As French voters weigh up their options ahead of the April presidential election, FRANCE 24 explores eight major campaign themes – from healthcare and culture, to insecurity and the economy. We criss-cross the country in a 100% electric replica of Citroën's 2 CV model. Our journey takes us north, southeast and west – west enough to include the French overseas department of Guadeloupe. Every week, we stop off at a new destination.
For more than two years, French public debate has been dominated by talk of Covid-19 infection rates, vaccines and ICU occupancy, catapulting health care to the top of voters’ list of priorities. We kick off our road trip in Strasbourg in the east of France. In the early months of the pandemic, the region was the first to see an explosion of infections, and suffered one of the country’s worst death tolls. The French tend to be proud of their healthcare system. But with hospital budgets – not to mention doctors and nurses – stretched to their breaking points, voters are looking for assurances that their health will be in safe hands.
It’s no secret: Literature, cinema, drama, music and art hold a special place in the French psyche. The cultural sector indirectly employs around 1.3 million people, generating €47 billion for the economy – that’s seven times more than the French car industry! But what does the future of culture look like after successive months of closed theatres, cinemas and galleries? And just how equal is access to that culture across different socioeconomic and cultural groups? Our journey this week takes us to Marseille. The city’s northern neighbourhoods are notoriously neglected, but they’re also a vibrant melting pot of a wide range of cultural influences.
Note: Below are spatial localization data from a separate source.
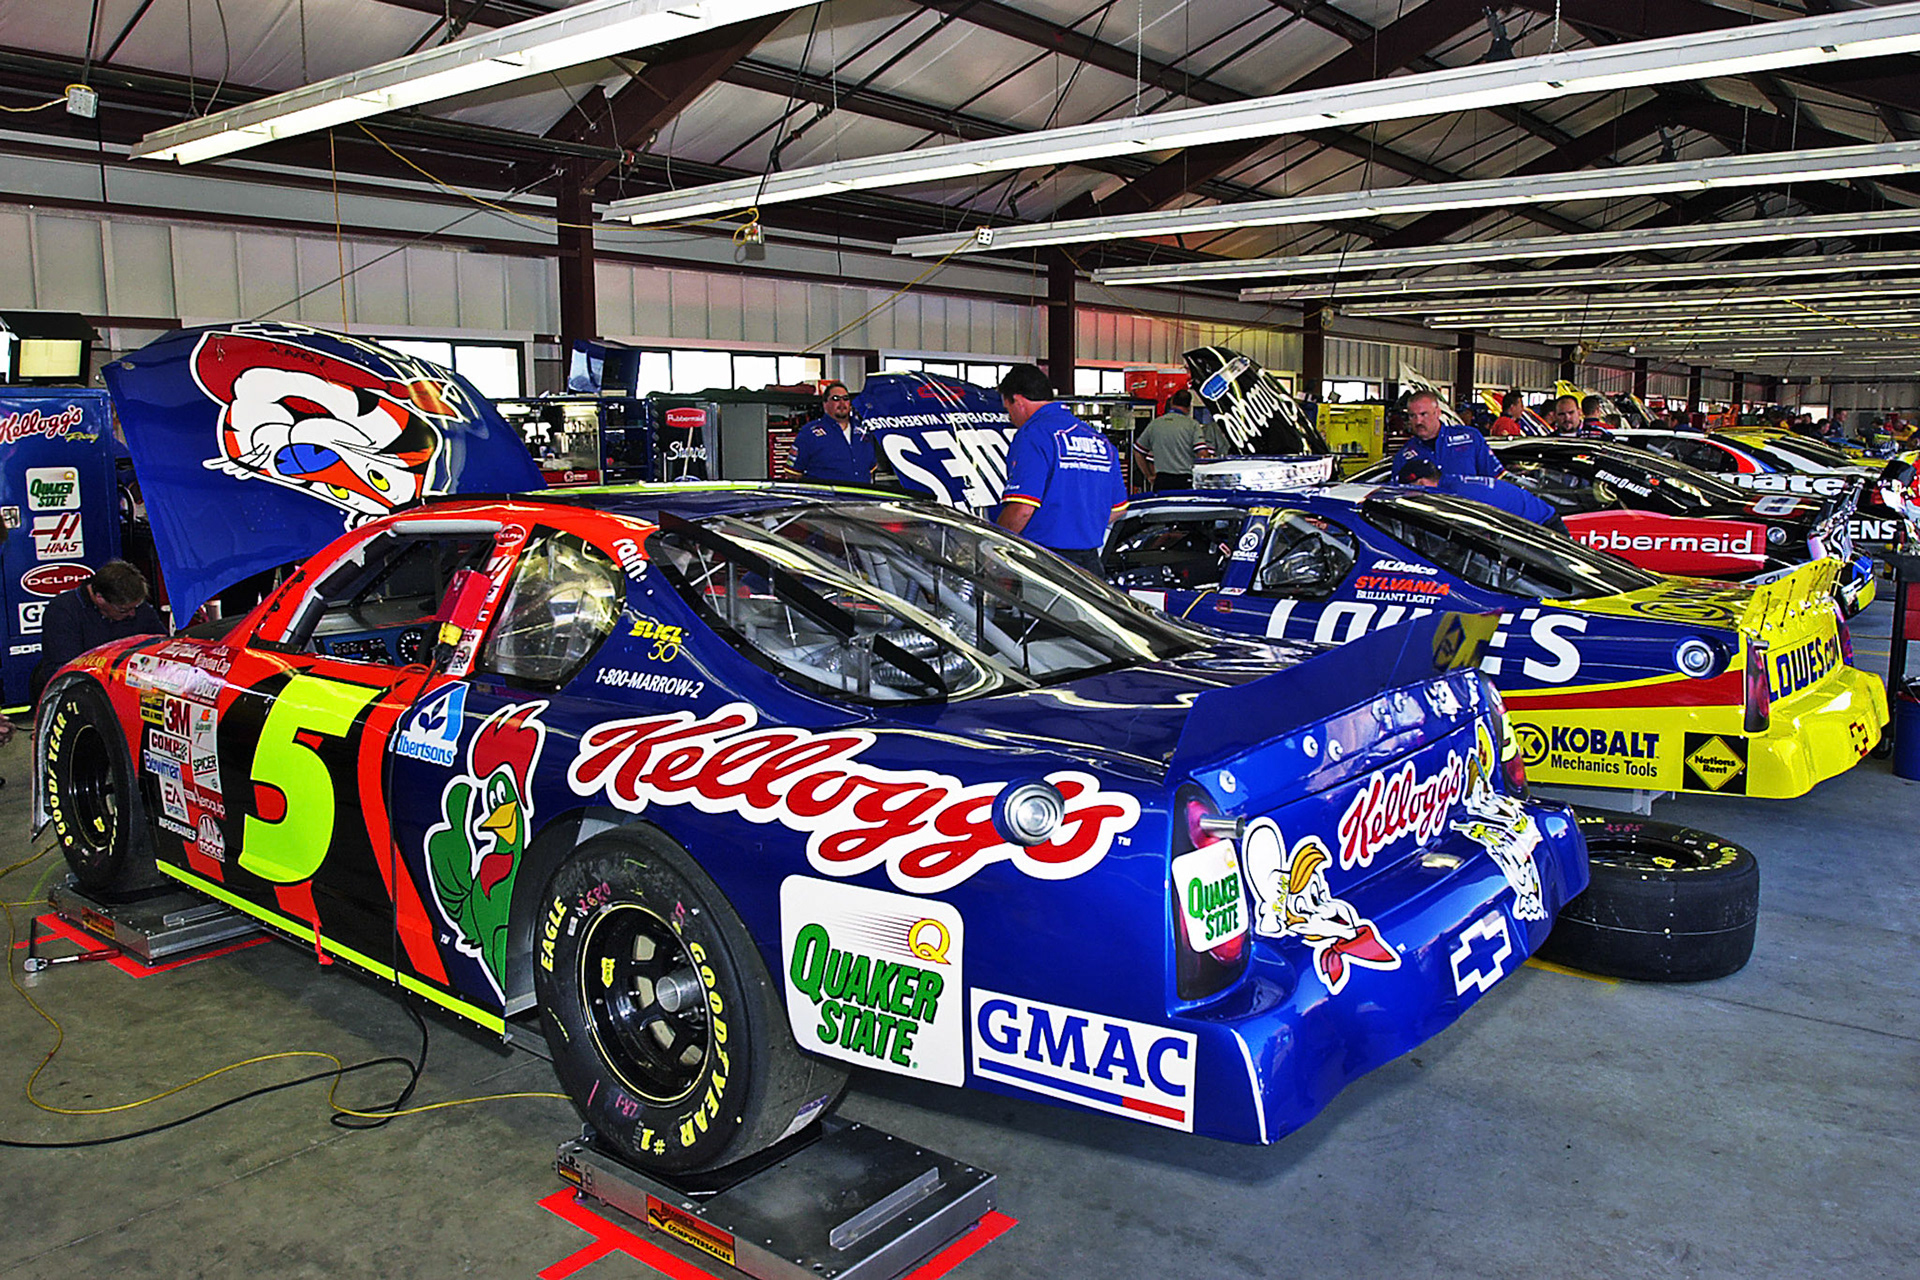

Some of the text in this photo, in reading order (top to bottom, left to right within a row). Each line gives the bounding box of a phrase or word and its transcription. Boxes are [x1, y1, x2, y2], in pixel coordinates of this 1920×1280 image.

[0, 404, 83, 444] Kellogg's
[1061, 433, 1107, 455] LOWE'S
[30, 479, 73, 497] QUAKER
[38, 496, 67, 508] STATE
[1372, 560, 1438, 575] ACDelco
[1354, 576, 1450, 596] SYLVANIA
[1356, 590, 1434, 605] BRILLIANT LIGHT
[648, 641, 678, 662] 50
[596, 668, 704, 698] 1-800-MARROW-2
[165, 699, 191, 737] 3M
[1552, 726, 1660, 759] KOBALT
[1551, 754, 1657, 777] Mechanics Tools
[1695, 755, 1736, 767] Nations
[1703, 764, 1727, 774] Rent
[238, 674, 385, 883] 5
[569, 705, 1138, 891] Kellogg's
[1339, 752, 1461, 868] Kellogg's
[1188, 872, 1240, 921] QUAKER
[541, 896, 568, 973] EAGLE
[1205, 902, 1239, 941] STATE
[790, 923, 944, 1024] QUAKER
[817, 1001, 920, 1068] STATE
[977, 999, 1189, 1098] GMAC
[640, 1128, 666, 1155] #1
France is a nation of city dwellers, but at least one in five voters lives in the countryside. As cities continue to swell, smaller French towns and villages increasingly find that the local public services they rely on are shutting down, with decent job opportunities often hard to come by. We take our 2CV to La Creuse in rural France to understand the social and economic challenges faced by voters who feel abandoned by the largely urban political class. But we also meet people who have got big ideas about how to rejuvenate their rural communities.
In 2015, world leaders converged on the French capital to sign a historic – and legally binding – climate agreement. But seven years on, it’s clear that the gap between France’s promises and its actions is widening. We head to Gironde on the French west coast where coastal erosion, turbocharged by extreme weather linked to climate change, is already transforming lives. We talk to an organisation determined to hold the government to account through the courts, and meet a seaside community that’s already having to adapt to a rapidly receding coastline.
Over 80 percent of French voters say that security and crime will be key considerations when they cast their ballots in April. Marseille’s recent spike in violent, gang-related crime has garnered a lot of media attention, but it’s by no means the only city struggling with the problem. This week our road trip takes us to Nantes, in western France, where recent population growth has coincided with a spike in crime. Over the past year, arrests for delinquency in the city centre have risen by over a third. We meet local residents who have set up a night-time patrol in a bid to keep the streets safe.
Liberté, Égalité, Fraternité – or Freedom, Equality, Fraternity – is the motto of the French Republic, and adorns the entrance to every French public school. But when it comes to education, these lofty ideals are, according to some, increasingly under strain. Challenges include everything from a chronic lack of qualified teachers to high dropout rates, while more than 15 percent of 15-year-olds struggle with basic maths and comprehension skills, leading to reduced professional opportunities later down the line. This week we travel to Lille in the north of France, a city with one of the highest dropout rates in the country.
This week we’re waving goodbye to our trusty 2CV and taking to the air, heading almost 7,000 kilometres across the Atlantic to the Caribbean archipelago of Guadeloupe. Residents of Guadeloupe are of course French citizens and send representatives to parliament. But many Guadeloupeans are furious at what they see as entrenched mistreatment by authorities in Paris, citing everything from lower salaries and higher fuel prices than on the mainland, to crumbling infrastructure. Almost one in 20 French voters live in overseas France. How might their frustrations shape the outcome of the 2022 election?
The final stop on our 2022 election road trip brings us to the cobblestoned streets of the French capital, a city still feeling the effects of pandemic-linked restrictions and the near-obliteration of tourism that followed. In 2021 the economy grew by 7 percent – the biggest year-on-year jump for 52 years. But GDP is still 1.6 percent behind its pre-crisis level. Many of the Parisian businesses that managed to survive the past few difficult months say they’re not yet out of the woods, but we will also meet entrepreneurs who say they’re already adapting the way they work to stay competitive.